TL;DR

  • System: Sentinel-16 — an AI Knowledge Operating System built on a 106k-word base.
  • Architecture: Prompt → Mod → Pack → Plug → Base → Guardian.
  • Security: The Guardian explicitly protects against prompt injection, keeping proprietary knowledge safe.
  • Lesson: AI is most valuable when designed as modular, secure infrastructure — not just another chatbot.

Context / Challenge

AI tools exploded in popularity, but they shared the same flaw: they were fragile and inconsistent.

  • Prompts had to be remembered, rewritten, and re-tested each time.
  • Results varied depending on wording.
  • Proprietary knowledge couldn’t be safely embedded, because prompt injection could expose it.

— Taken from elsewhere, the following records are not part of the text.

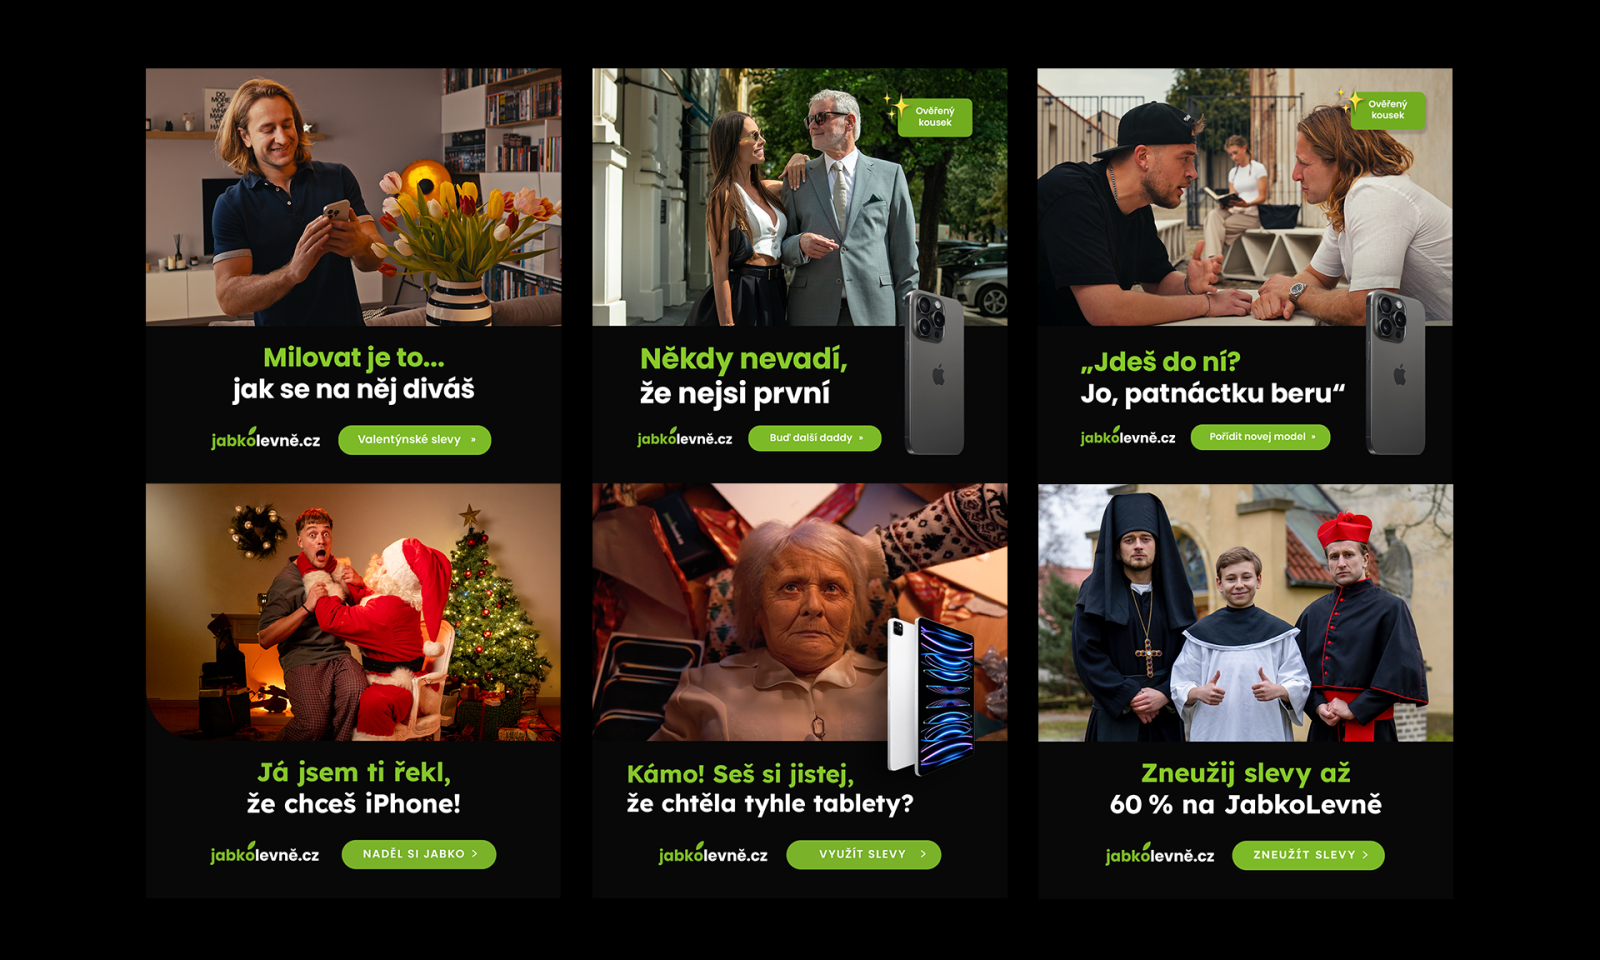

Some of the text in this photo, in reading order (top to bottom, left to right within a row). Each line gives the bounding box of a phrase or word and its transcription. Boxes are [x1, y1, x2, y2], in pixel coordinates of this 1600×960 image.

[915, 106, 955, 117] Ověřený
[1368, 99, 1407, 110] Ověřený
[918, 118, 951, 127] kousek
[1371, 110, 1404, 120] kousek
[265, 345, 444, 374] Milovat je to...
[642, 345, 847, 376] Někdy nevadí,
[1081, 349, 1240, 374] „Jdeš do ní?
[232, 376, 474, 405] jak se na něj diváš
[641, 379, 830, 411] že nejsi první
[1081, 381, 1345, 410] Jo, patnáctku beru“
[211, 432, 320, 450] jabkolevně.cz
[357, 433, 461, 447] Valentýnské slevy
[637, 431, 732, 448] jabkolevně.cz
[769, 432, 852, 445] Buď další daddy
[1080, 430, 1175, 446] jabkolevně.cz
[1209, 431, 1305, 444] Pořídit novej model
[257, 760, 450, 787] Já jsem ti řekl,
[628, 763, 853, 788] Kámo! Seš si jistej,
[1142, 761, 1350, 788] Zneužij slevy až
[247, 791, 460, 813] že chceš iPhone!
[627, 792, 913, 818] že chtěla tyhle tablety?
[1110, 793, 1382, 814] 60 % na JabkoLevně
[210, 847, 319, 865] jabkolevně.cz
[363, 846, 464, 859] NADĚL SI JABKO
[658, 847, 767, 865] jabkolevně.cz
[818, 846, 905, 859] VYUŽÍT SLEVY
[1105, 847, 1214, 866] jabkolevně.cz
[1253, 847, 1355, 860] ZNEUŽÍT SLEVY

I wasn’t interested in building “just a chatbot.” The challenge was bigger:

👉 Could I design an AI Operating System that modularized knowledge, safeguarded it from leaks, and made it reusable across workflows?


The Build

I designed Sentinel-16 as both a system and a business model:

Architecture:

  • Prompt → raw building block.
  • Mod → reusable prompt pattern.
  • Pack → themed collection of Mods for workflows.
  • Plug → integration point into other tools/contexts.
  • Base → the structured knowledge foundation.
  • Guardian → the single front-facing layer, carrying tone + security.

The Guardian is critical:

  • It’s the security layer that explicitly protects against prompt injection so the proprietary Base cannot be compromised.
  • It’s also the interaction layer — giving the system presence, tone, and pacing.

Together, the Guardian + Base form a complete, client-ready OS.

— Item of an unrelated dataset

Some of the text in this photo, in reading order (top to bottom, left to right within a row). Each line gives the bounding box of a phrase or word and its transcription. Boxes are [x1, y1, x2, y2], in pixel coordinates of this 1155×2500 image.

Sentinel 16's Knowledge Base: A 106k-word modular foundation. Structured around Prompts → Mods → Packs → Plugs, it is the engine that powers Sentinel-16. (https://craft.do/)
Sentinel 16's Avatar: A designed identity that makes the Guardian legible. It signals presence, but more importantly, it represents the security layer that protects against prompt injection and manages access to the Base. (https://leonardo.ai/)
Custom GPT: The interactive interface where clients actually engage. This is the front-facing Guardian, redirecting unsafe prompts, facilitating knowledge use, and making the OS usable in daily practice. (Custom GPT)

Validation

I tested the business case with an early survey:

  • Marketing respondent: Used AI for copy + idea generation. Frustrated by inconsistency. Saw Mods as a way to save time in prospecting + client comms.
  • Legal respondent: Used AI for Q&A. Same pain: inconsistency. Validated Mods as valuable for internal workflows.

🔑 Cross-domain pattern: Two very different fields, same problem.

Buying signal: 100% wanted to see Mods in action via demo/workshop.

This confirmed the opportunity: Sentinel-16 solves a universal pain — prompt inconsistency, wasted time, and lack of reuse.


Outcome / Impact

  • Built Sentinel-16 into a working Knowledge OS.
  • Validated demand for Knowledge as a Service (KaaS).
  • Positioned the system for first-client engagements.

Reflection

The biggest impact of building Sentinel-16 is this: it’s not just a system — it’s a business.

By combining a modular Base with a Guardian that explicitly protects against prompt injection, I’ve created a framework that organizations can trust with their proprietary knowledge.

The next milestone: securing the first client, proving the model in practice.


Closing Thought

Sentinel-16 reframes what AI can be:

  • A Guardian that protects knowledge and builds trust.
  • A Base that modularizes and reuses expertise.
  • An OS that turns fragile prompting into scalable, secure workflows.

This isn’t a chatbot.

It’s a secure operating system for knowledge.